*** Source data ***

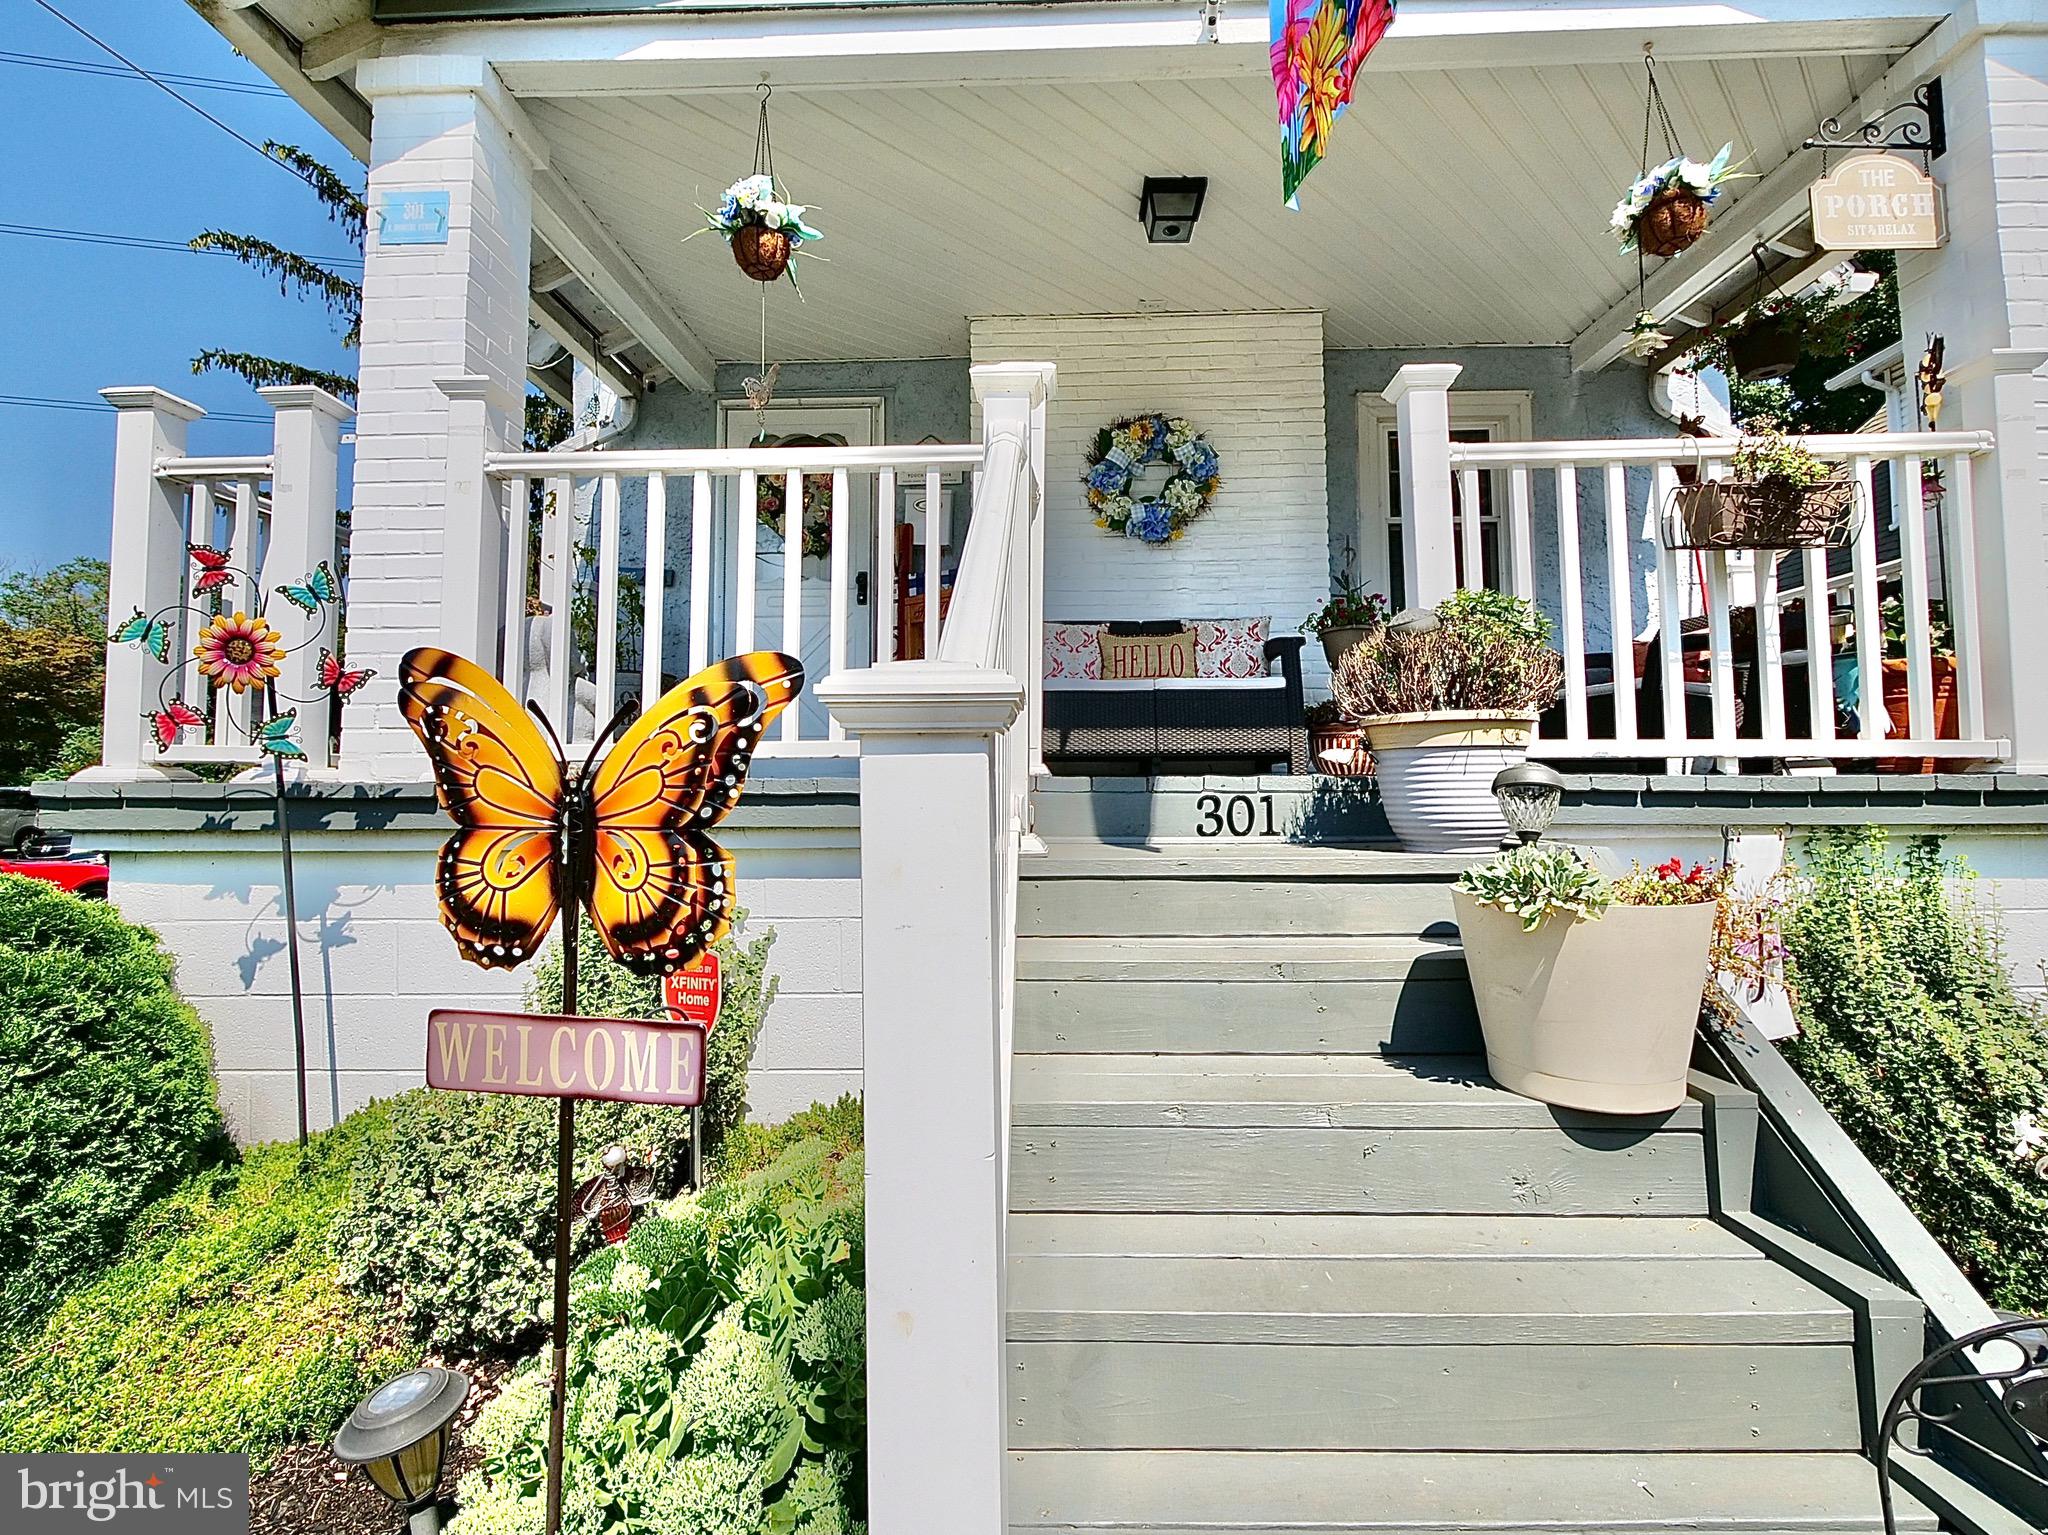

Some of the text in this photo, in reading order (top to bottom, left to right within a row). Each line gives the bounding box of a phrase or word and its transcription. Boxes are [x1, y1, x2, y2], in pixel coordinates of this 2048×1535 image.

[1858, 169, 1896, 187] THE
[1824, 193, 1934, 218] PORCH
[1113, 643, 1185, 679] HELLO
[1196, 795, 1281, 837] 301
[704, 965, 712, 974] BY
[671, 976, 717, 991] XFINITY
[677, 991, 710, 1006] Home
[434, 1021, 695, 1095] WELCOME

*** End of Source data ***

■ Your assignment: The entries must be repeated exactly. Leave the images out.

■ Task answer:
Some of the text in this photo, in reading order (top to bottom, left to right within a row). Each line gives the bounding box of a phrase or word and its transcription. Boxes are [x1, y1, x2, y2], in pixel coordinates of this 2048×1535 image.

[1858, 169, 1896, 187] THE
[1824, 193, 1934, 218] PORCH
[1113, 643, 1185, 679] HELLO
[1196, 795, 1281, 837] 301
[704, 965, 712, 974] BY
[671, 976, 717, 991] XFINITY
[677, 991, 710, 1006] Home
[434, 1021, 695, 1095] WELCOME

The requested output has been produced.